Der Lagerplatz für Baumaterial in Wildsachsen sorgt für Ärger. Laut Rathaus soll er in keinem Zusammenhang mit dem Baugebiet Junghainzehecken stehen. Foto: Maik Reuß

Genehmigung steht noch aus

Dieser Lagerplatz in Wildsachsen sorgt für Ärger

 In Wildsachsen sorgt ein Lagerplatz für Baumaterial für Aufregung. Der Kreis hat einen Baustopp verhängt.

Wildsachsen - Etwa 30 bis 50 Meter groß ist die Fläche südlich von Wildsachsen, die derzeit für Aufregung in dem Stadtteil sorgt. Vor ein paar Tagen war dort noch ein Acker, dann wurde die oberste Bodenschicht auf die Seite geschoben. Eine Folie wurde ausgelegt und mit Kies bedeckt. Das kommt im Ort nicht gut an. Die schöne Landschaft soll durch einen großen Lagerplatz für Baumaterial mitten in der Natur verschandelt werden, schimpft etwa Kreisblatt-Leser Michael Gerber.

Und da Wildsachsen ein kleiner Ort ist, machen in solchen Fällen die unterschiedlichsten Einschätzungen in hohem Tempo die Runde. Gerner spricht davon, dass die Stadt Hofheim den Lagerplatz genehmigt habe. Er und andere vermuten außerdem, dass der Platz zu einem späteren Zeitpunkt für das geplante Baugebiet Jungehag genutzt werden solle. Und das, obwohl der Bebauungsplan für das Gebiet noch nicht verabschiedet wurde.

Tatsache ist, dass erst im April ein Antrag gestellt wurde, dieses Gelände als Lager für die Erschließungsarbeiten im Quartier Junghainzehecken zu nutzen. Eine Genehmigung wurde bislang nicht erteilt, so Sarah Kautzmann von der Pressestelle des Main-Taunus-Kreises. Die Bauaufsicht habe das Projekt dann wegen der fehlenden Genehmigung gestoppt. Eine Rückbauverfügung, von der gerüchteweise die Rede war, hat es demnach nicht gegeben.

Über Bauantrag sei noch nicht entschieden

Das wäre auch nicht logisch. Nach Kautzmanns Worten ist über den Bauantrag noch nicht entschieden, weil noch bestimmte Stellungnahmen eingeholt werden müssen. Daraus kann man schlussfolgern, dass die Bauaufsicht noch nicht sagen kann, ob es eine Genehmigung geben wird oder nicht. Wäre eine Genehmigung möglich, wäre eine Rückbauverfügung sicherlich voreilig. Aber die Genehmigung ist auch keine reine Formsache. Sonst hätte Erster Stadtrat Wolfgang Exner im Bauausschuss nicht erklärt, dass das abgeschobene Material wieder auf der Fläche verteilt wird, sollte es keine Genehmigung geben.

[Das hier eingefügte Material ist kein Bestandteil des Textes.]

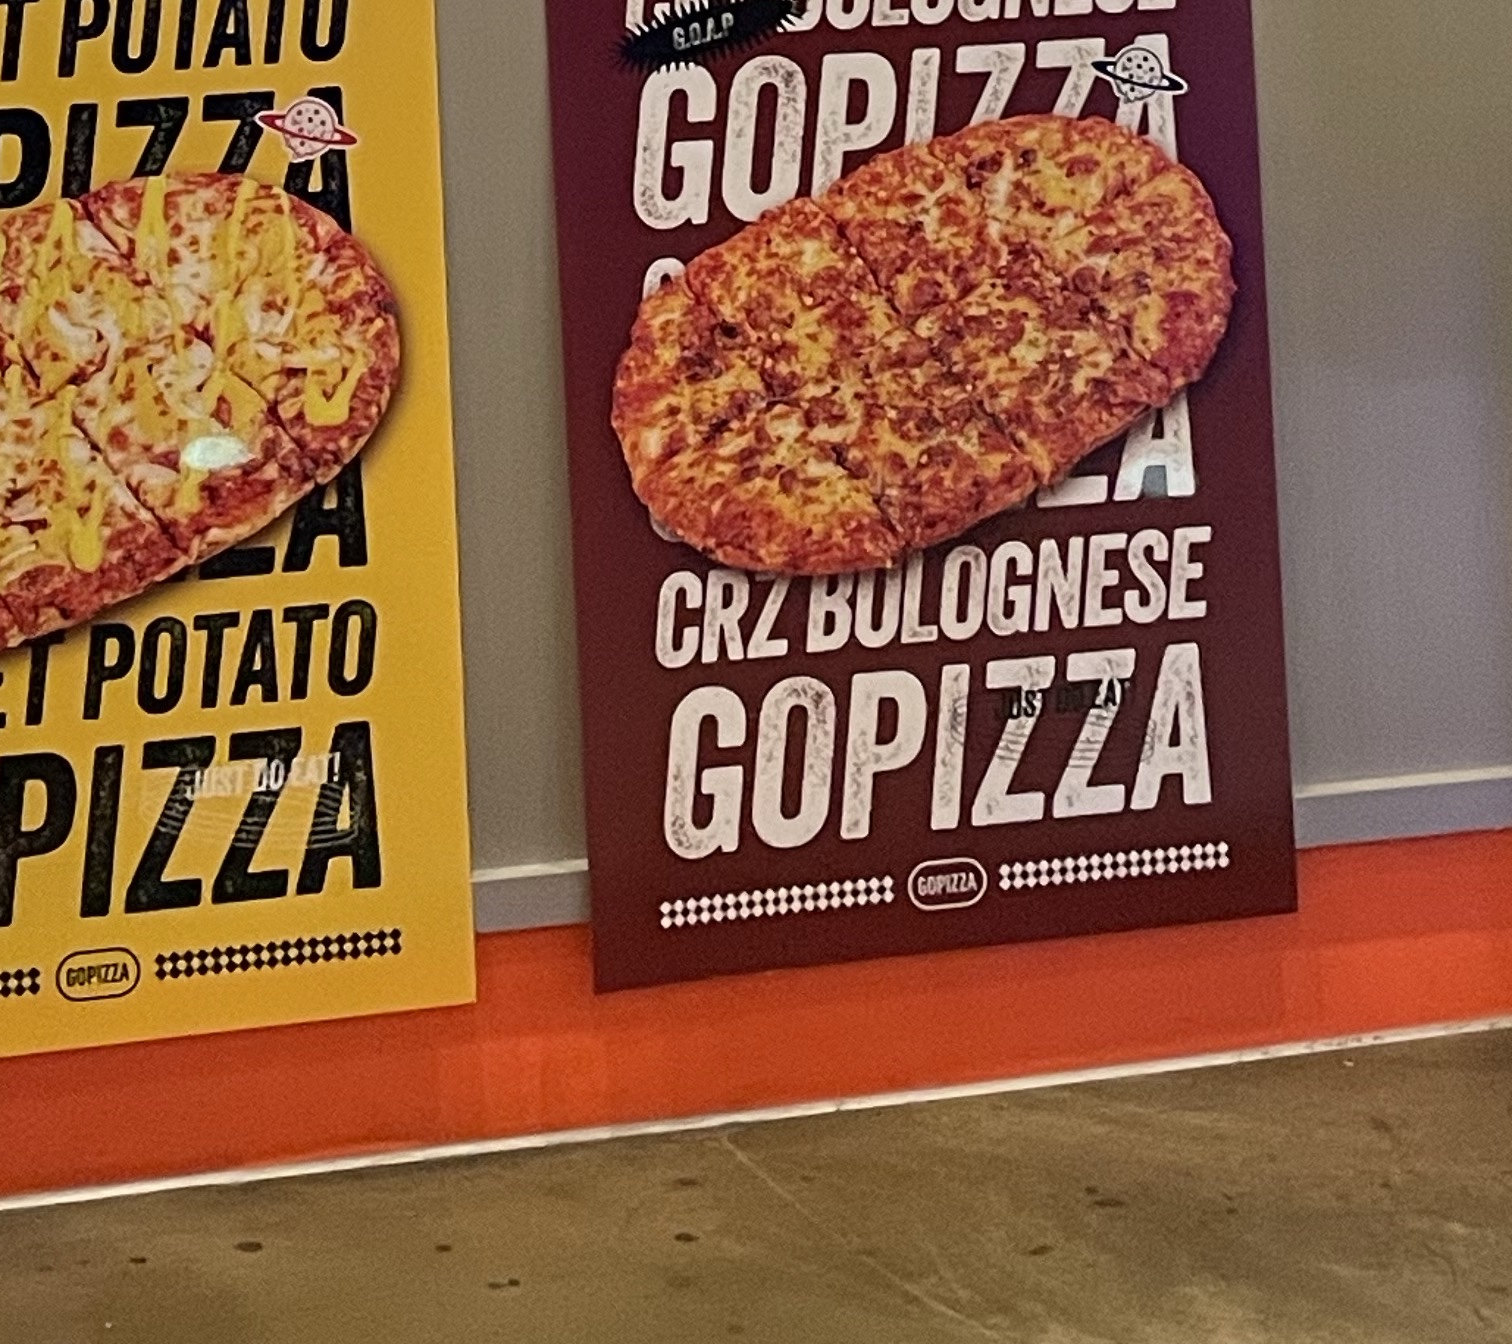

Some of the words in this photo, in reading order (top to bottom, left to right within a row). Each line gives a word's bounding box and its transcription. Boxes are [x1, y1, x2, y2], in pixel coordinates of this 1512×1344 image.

"Die Firma hat zu früh damit begonnen, die Fläche vorzubereiten", sagt Iris Bernardelli von der Pressestelle der Stadt Hofheim. Dies spricht dafür, dass es einen gewissen Zeitdruck gibt; eventuell kann der bisherige Lagerplatz nicht mehr lange genutzt werden. Ausgeführt werden die Erschließungsarbeiten von dem in Weilburg ansässigen Bauunternehmen Feickert. Der für Wildsachsen zuständige Bauleiter hat dieser Zeitung gegenüber eine Stellungnahme abgelehnt.

Irritierend sind jedenfalls die Gerüchte, nach denen die Stadt den Lagerplatz genehmigt haben soll. Denn die Stadt spricht keine Baugenehmigungen aus, das tut der Kreis. Der Kreis holt sich zwar eine Stellungnahme der Stadt und setzt sich über diese zumeist auch nicht hinweg. Aber selbst wenn die Stadt ihr Einvernehmen erklärt haben sollte, ersetzt das nicht die Genehmigung des Kreises.

Irritierend ist auch, dass der Lagerplatz von den Junghainzehecken mehr als 1000 Meter Fahrstrecke entfernt ist. Transporte müssten durch enge Kurven und schmale Straßen im südlichen Teil des Ortes fahren, sagt Gerber. Es seien viele Flächen geprüft worden, nur diese habe alle Anforderungen erfüllt, so Rathaus-Sprecherin Bernardelli. Dazu gehörten die Größe des Geländes, die Erreichbarkeit und die Möglichkeit, die Fläche zu pachten.

Mit dem geplanten Baugebiet Junghainzehecken habe der Lagerplatz nichts zu tun, betont Bernardelli. Der Lagerplatz soll demnach nur bis zum Jahr 2020 genehmigt werden. Ob doch diejenigen recht haben, die einen Zusammenhang vermuten, wird sich herausstellen.